The good and bad thing about having a top speed of mach 1.9 is that the ground recedes awfully fast after takeoff. I'd barely launched and already the hangars of the abandoned airport reserved for Autobot training sessions are the size of my fist.

50 meters flight level.

500 meters.

1000 meters.

When I hit 2000 meters, a blast of icy fear slaps me like a shock draft. The air is so thin at this height that I can't snatch enough lift from my wings- or that's how it feels, anyway. Dammit, I remind myself, you're a modified Concorde! You're built for these heights! - To no avail.

In this particle-stripped altitude, the ground and the sky switch places. Too bright. Too sharp. Vertigo. Nausea. My jet engines flare. Conk out. I transform into robot mode and plummet head-first. Goodbye cruel world. Again. Something like a large comet slams into me- it's Skyfire grabbing my armpits.

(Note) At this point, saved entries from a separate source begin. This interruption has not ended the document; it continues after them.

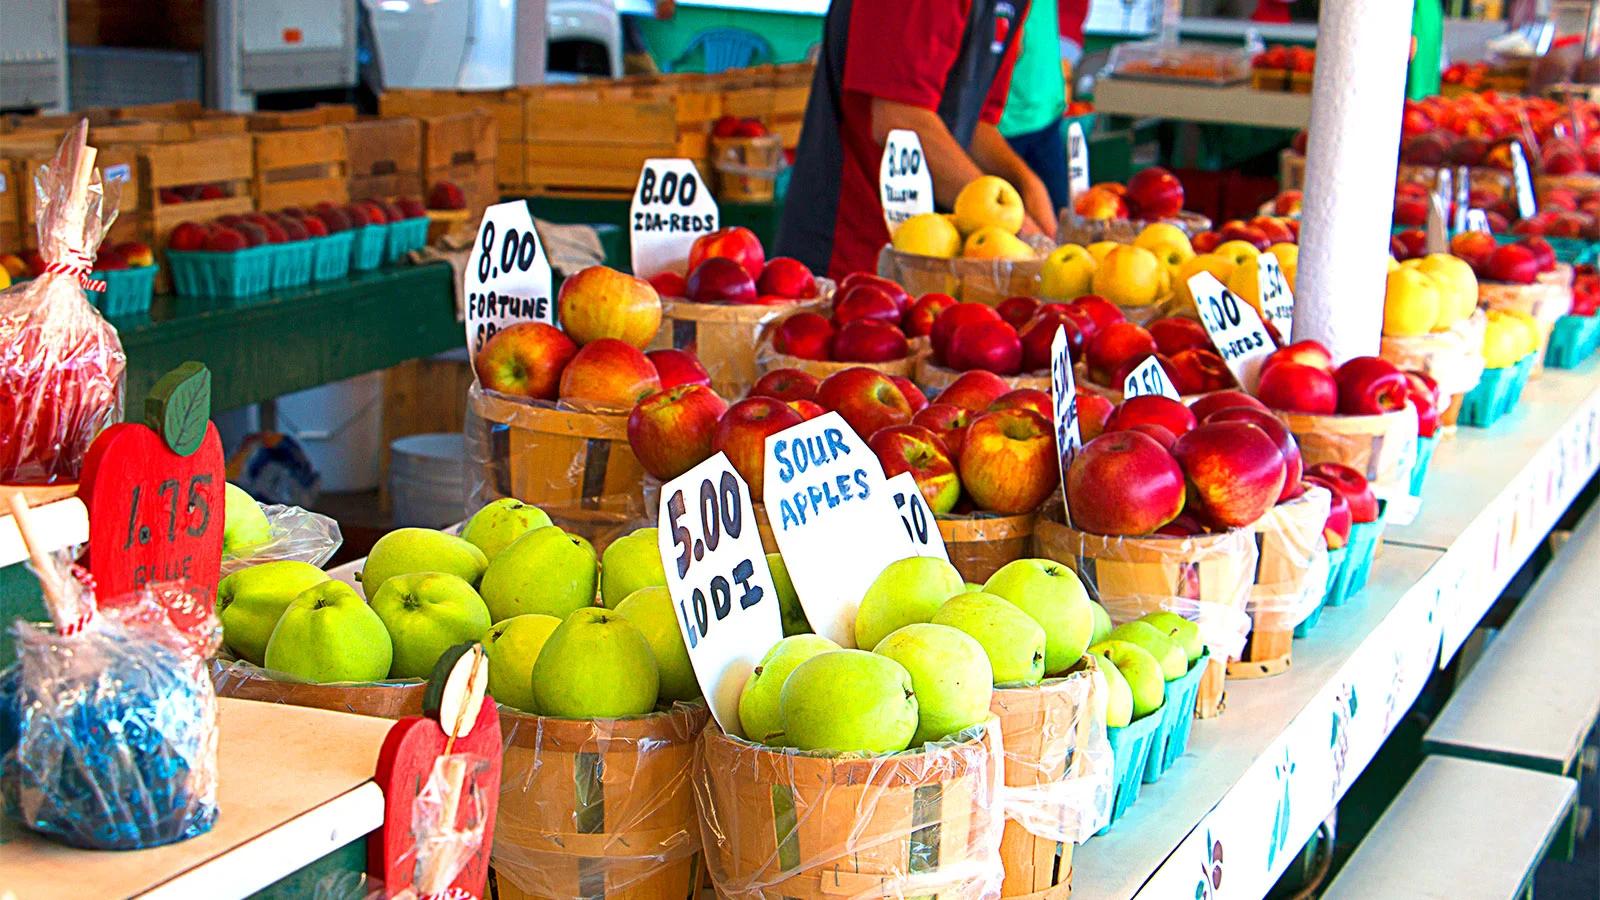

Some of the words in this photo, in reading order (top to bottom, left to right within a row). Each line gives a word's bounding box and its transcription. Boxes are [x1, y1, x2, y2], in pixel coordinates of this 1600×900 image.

[640, 167, 697, 206] 8.00
[888, 142, 920, 177] 8.00
[634, 212, 714, 232] IDA-REDS
[478, 220, 536, 284] 8.00
[469, 291, 548, 321] FORTUNE
[774, 428, 851, 483] SOUR
[123, 473, 213, 550] 1.75
[667, 470, 742, 580] 5.00
[779, 468, 872, 531] APPLES
[133, 556, 193, 598] BLUE
[680, 558, 764, 649] LODI
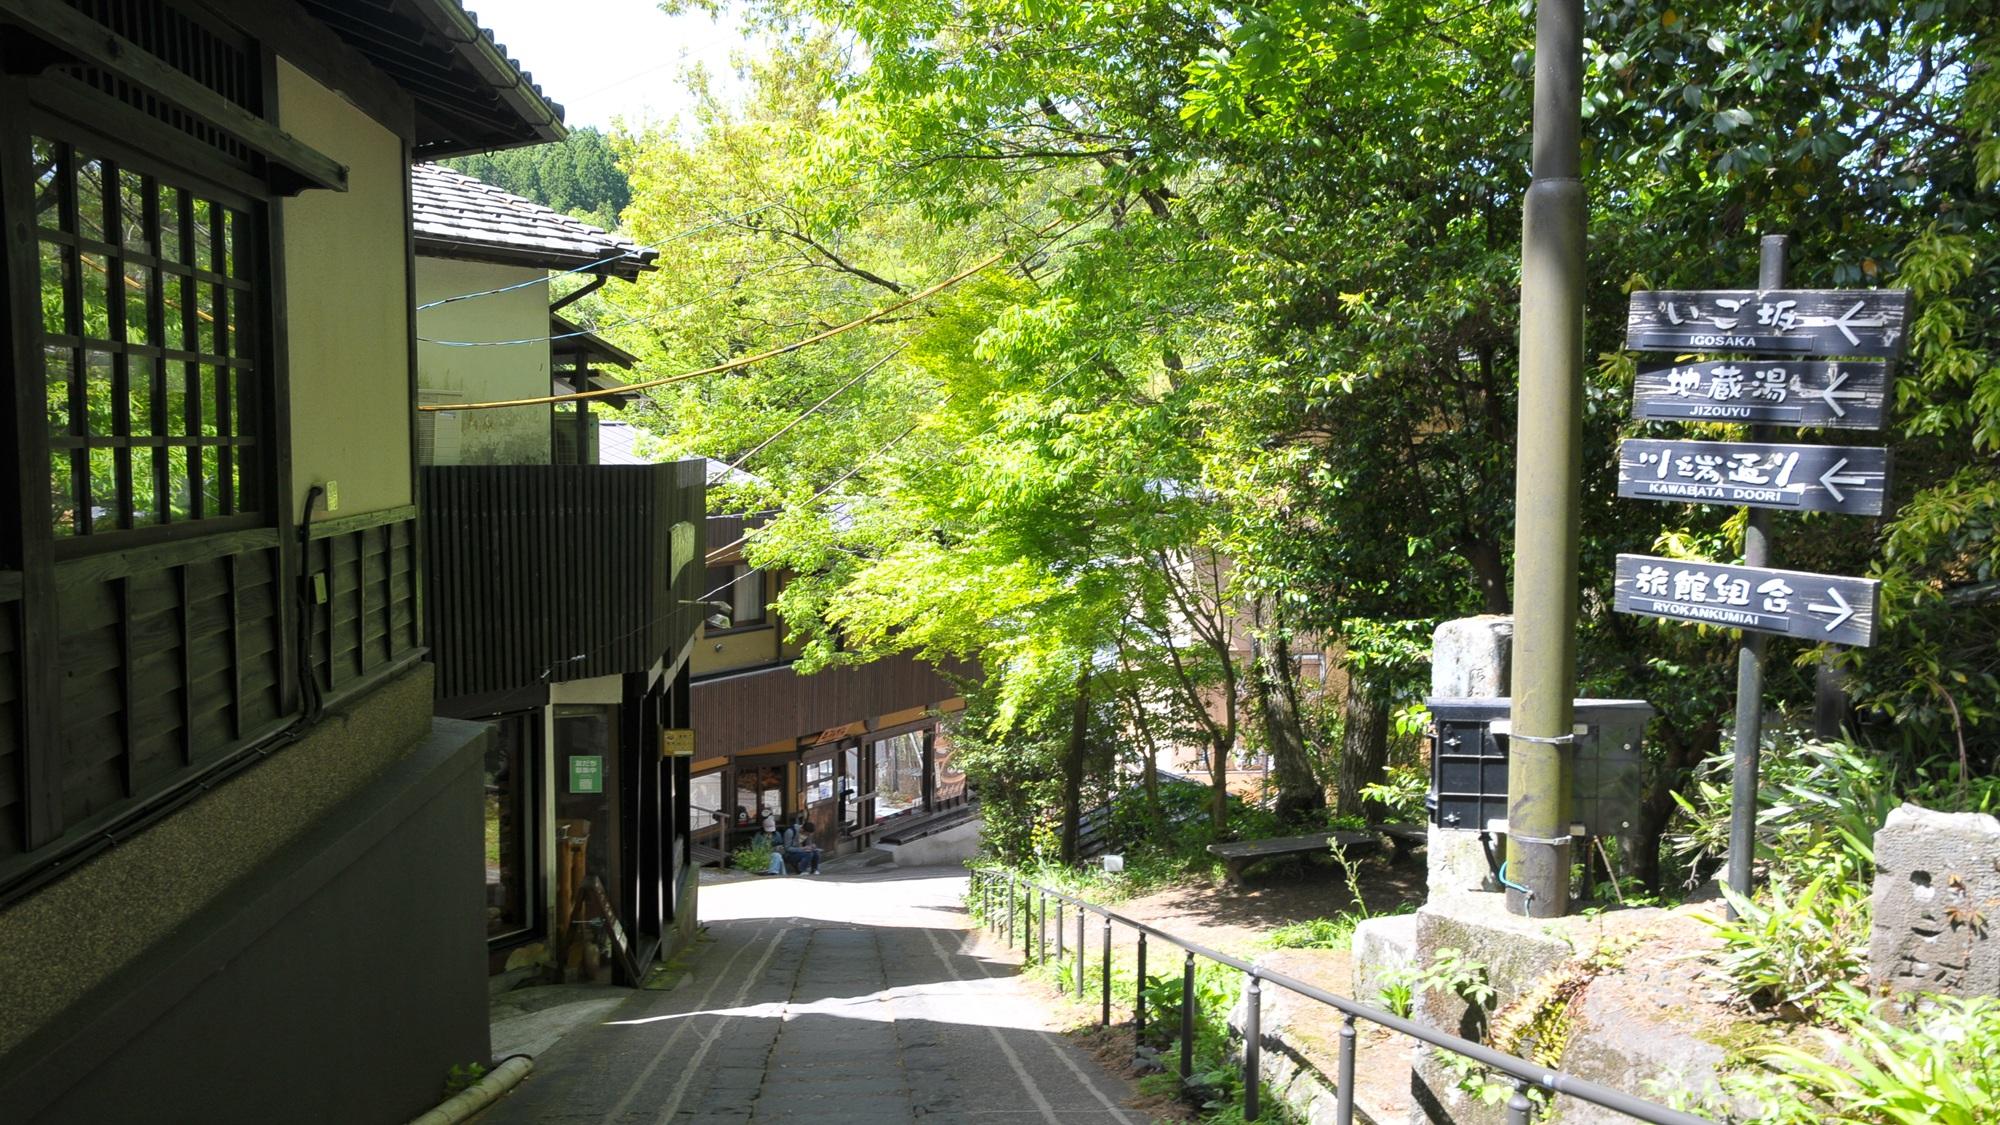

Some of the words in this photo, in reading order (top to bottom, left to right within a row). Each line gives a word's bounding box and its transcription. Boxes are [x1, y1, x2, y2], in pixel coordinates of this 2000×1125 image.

[1667, 299, 1798, 331] いご坂
[1690, 335, 1757, 348] IGOSAKA
[1667, 366, 1787, 403] 地蔵湯
[1689, 405, 1751, 418] JIZOUYU
[1639, 449, 1800, 487] 川端通り
[1649, 482, 1725, 499] KAWABATA
[1733, 489, 1782, 503] DOORI
[1635, 565, 1793, 613] 旅館組合
[1652, 602, 1760, 626] RYOKANKUMIAI
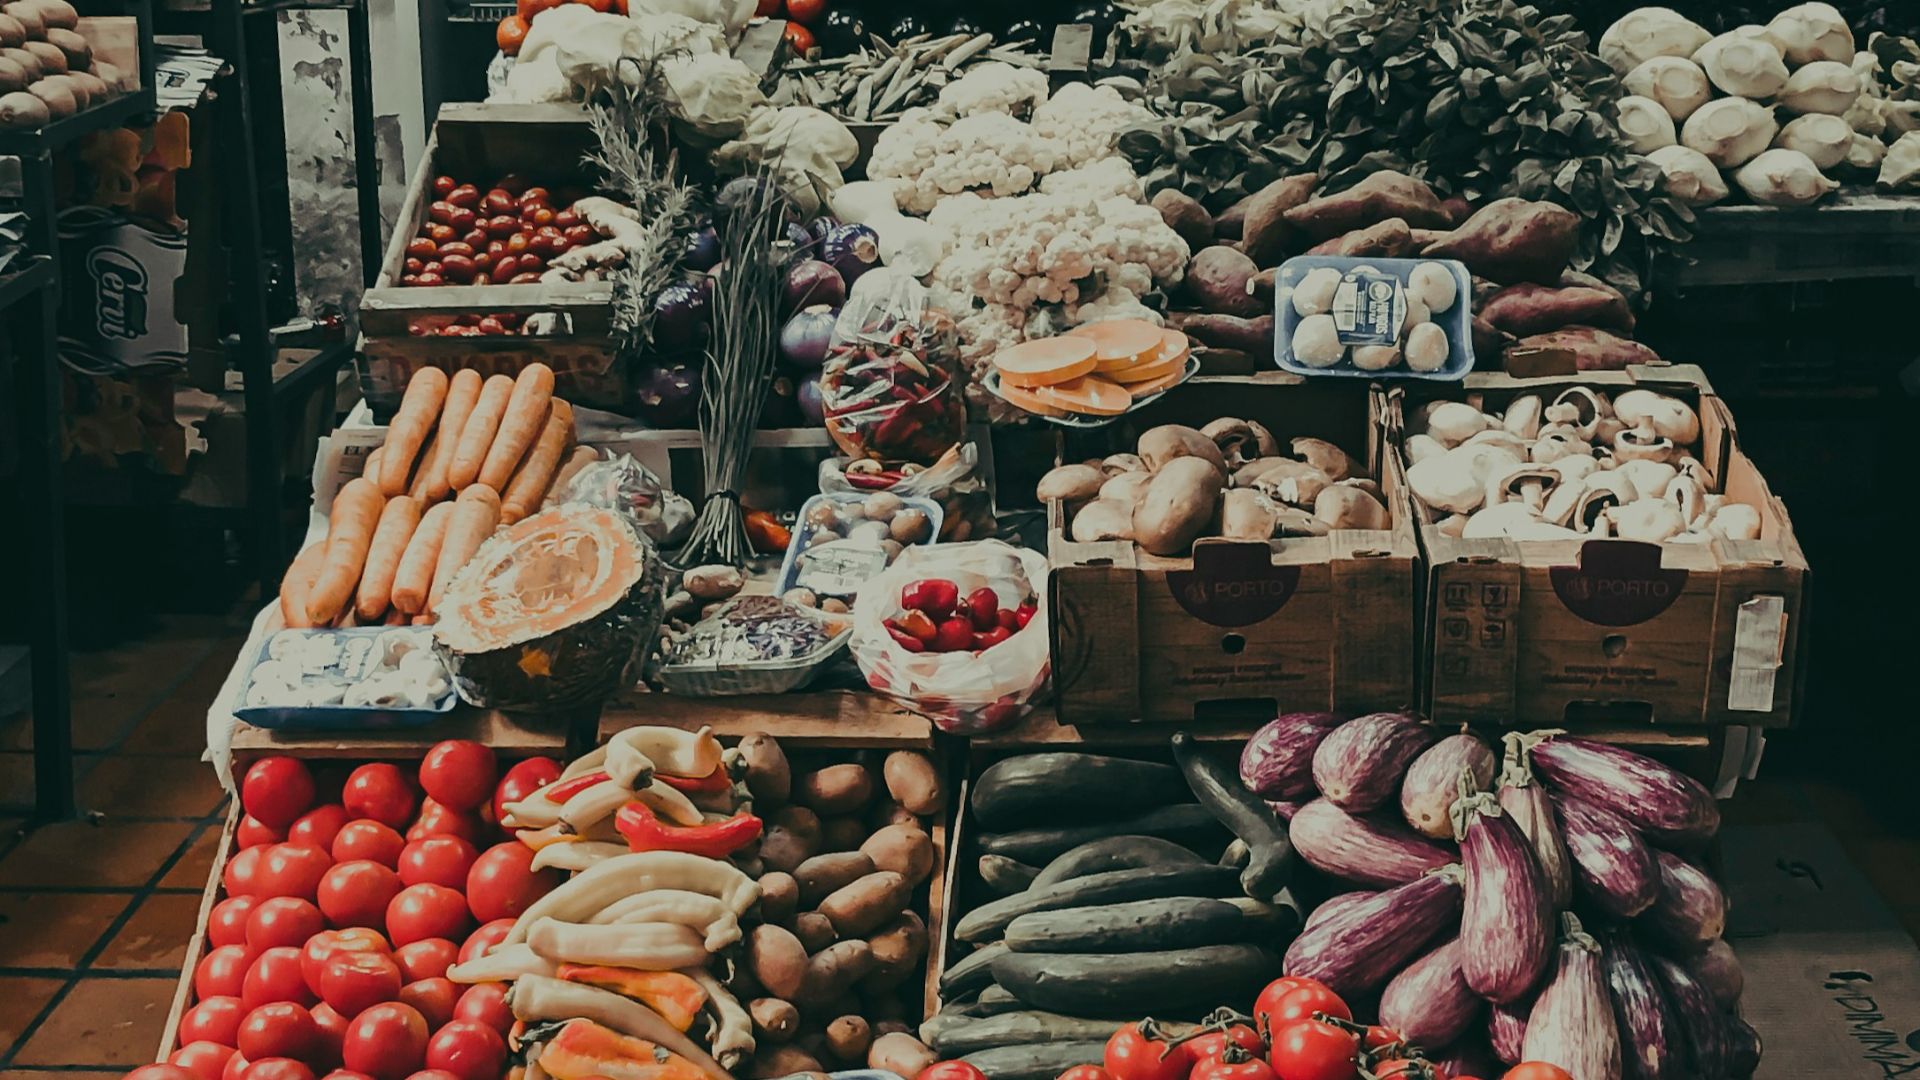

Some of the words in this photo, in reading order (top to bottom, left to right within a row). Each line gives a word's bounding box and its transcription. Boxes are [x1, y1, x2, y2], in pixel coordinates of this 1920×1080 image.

I grind my fingers into his torso and he swings us both like Tarzan and Jane on a vine. We coast before landing on the same tarmac I'd so recently departed.

As soon as my feet touch the earth I crumple into a heap, babbling incoherently. I'm vaguely aware of Skydive's own smooth descent a few meters away. Skydive must have brought Skyfire for rescue backup, knowing he couldn't carry me alone. You see, I'm a cargo plane, so I tower above Skydive, who's an F-16 Eagle. Skyfire – being some kind of Cybertronian fighter-jet-- is bigger than either of us.

He's also incredibly considerate, fussing over my mechanics and dabbing at the fuel I belatedly realize I'd voided during freefall. "Are you all right, Silverbolt? Is anything damaged?"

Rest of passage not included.